**WORK INSTRUCTIONS:**
Nothing but the records, copied exactly and stripped of pictures, should be in the answer.
[Start of section]
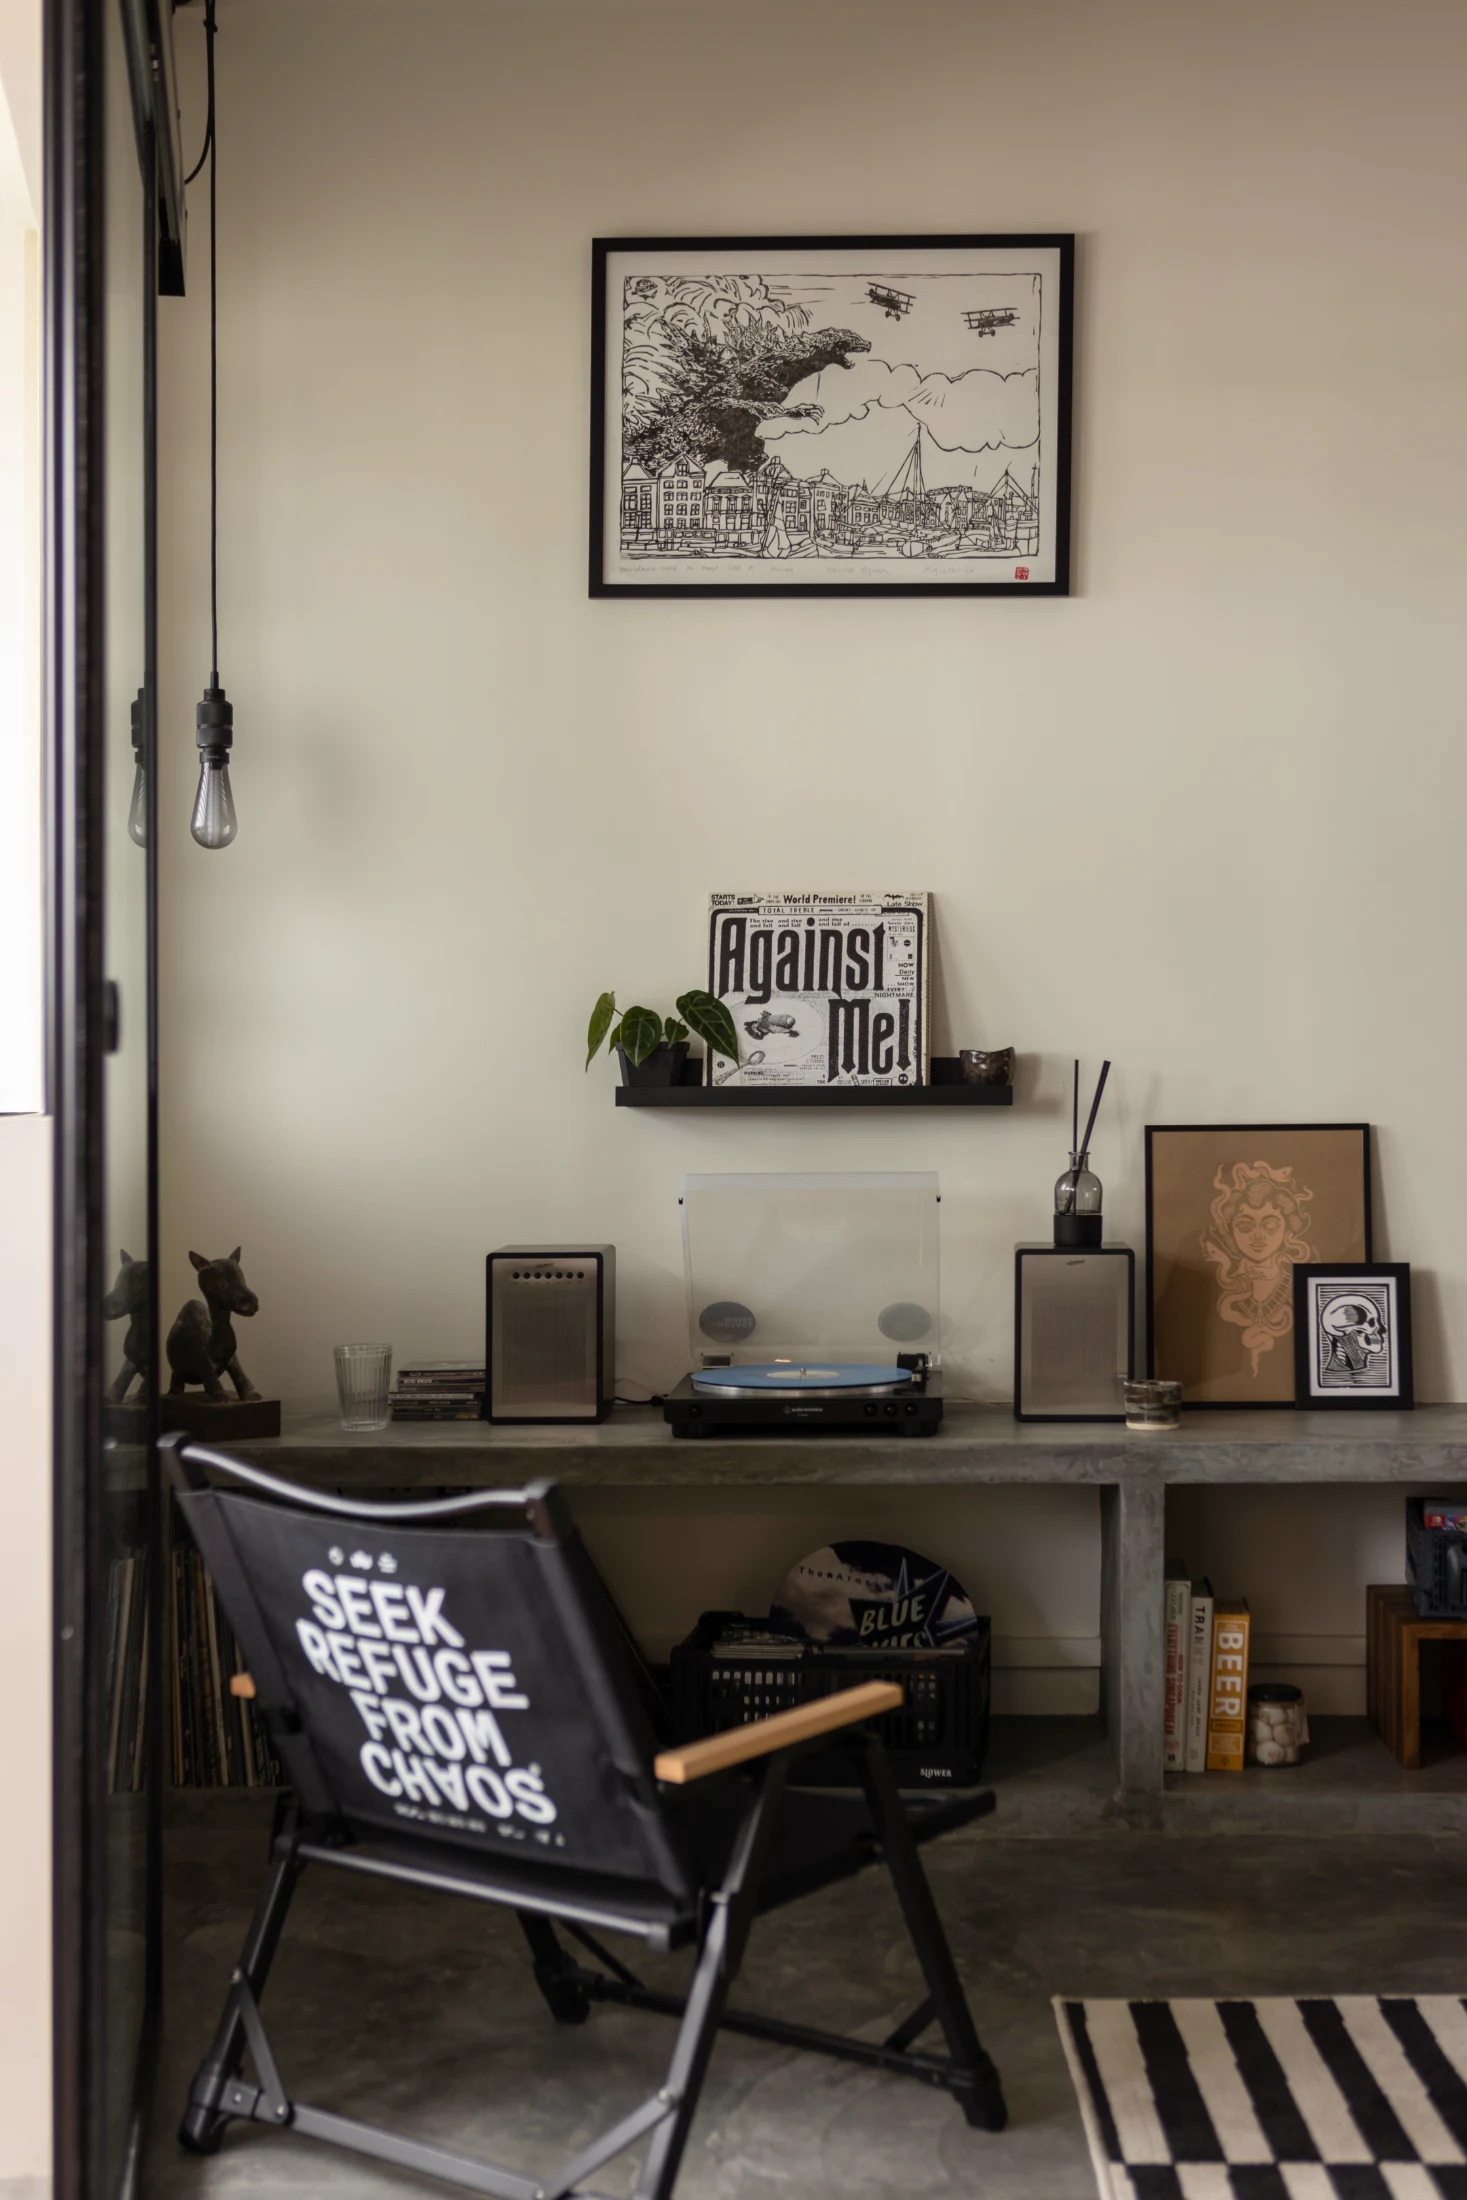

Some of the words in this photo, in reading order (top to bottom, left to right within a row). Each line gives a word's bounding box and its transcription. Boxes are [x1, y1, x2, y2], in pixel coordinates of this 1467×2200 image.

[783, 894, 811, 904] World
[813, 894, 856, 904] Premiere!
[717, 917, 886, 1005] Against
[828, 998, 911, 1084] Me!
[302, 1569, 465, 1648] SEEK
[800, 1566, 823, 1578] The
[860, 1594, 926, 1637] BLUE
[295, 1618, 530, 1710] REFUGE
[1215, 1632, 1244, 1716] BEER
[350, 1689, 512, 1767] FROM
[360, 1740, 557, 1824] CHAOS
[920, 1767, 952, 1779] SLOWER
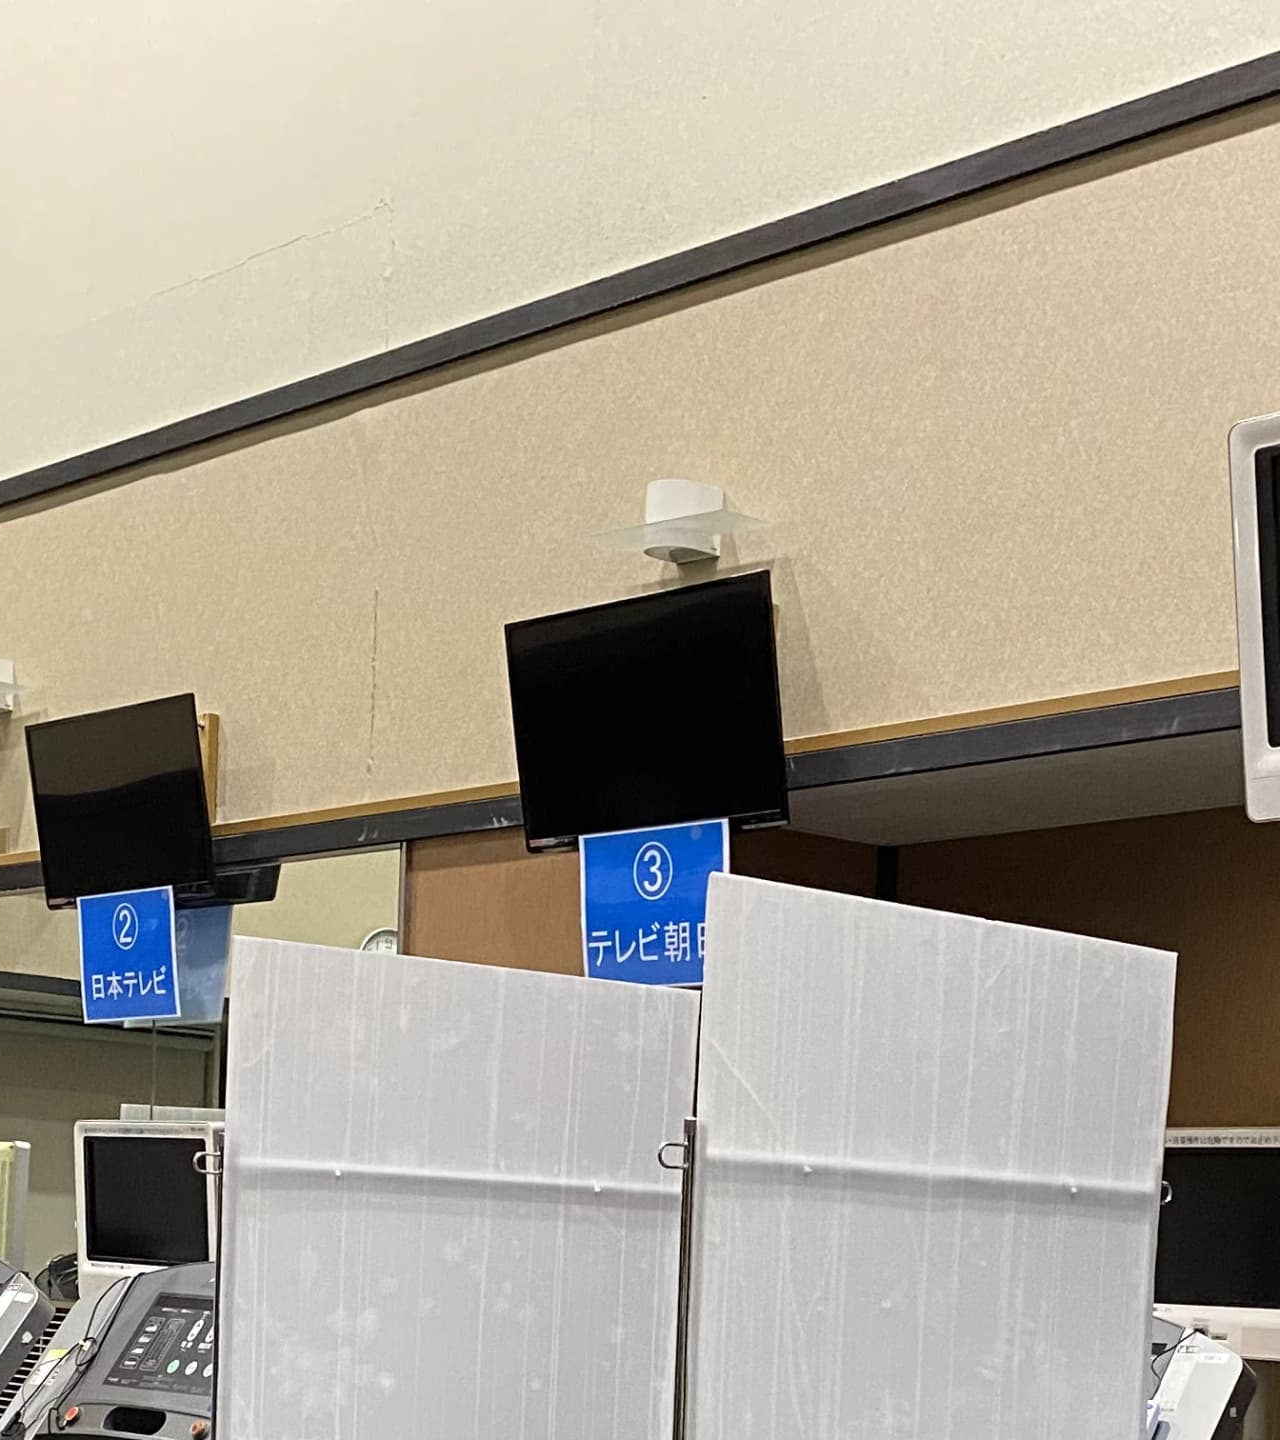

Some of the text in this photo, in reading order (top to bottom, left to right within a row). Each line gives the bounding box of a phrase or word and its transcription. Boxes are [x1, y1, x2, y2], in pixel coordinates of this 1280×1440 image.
[End of section]
**TASK RESPONSE:**
Some of the words in this photo, in reading order (top to bottom, left to right within a row). Each line gives a word's bounding box and its transcription. Boxes are [x1, y1, x2, y2], in pixel coordinates of this 1467×2200 image.

[783, 894, 811, 904] World
[813, 894, 856, 904] Premiere!
[717, 917, 886, 1005] Against
[828, 998, 911, 1084] Me!
[302, 1569, 465, 1648] SEEK
[800, 1566, 823, 1578] The
[860, 1594, 926, 1637] BLUE
[295, 1618, 530, 1710] REFUGE
[1215, 1632, 1244, 1716] BEER
[350, 1689, 512, 1767] FROM
[360, 1740, 557, 1824] CHAOS
[920, 1767, 952, 1779] SLOWER

Some of the text in this photo, in reading order (top to bottom, left to right within a row). Each line gives the bounding box of a phrase or word and its transcription. Boxes are [x1, y1, x2, y2], in pixel coordinates of this 1280×1440 image.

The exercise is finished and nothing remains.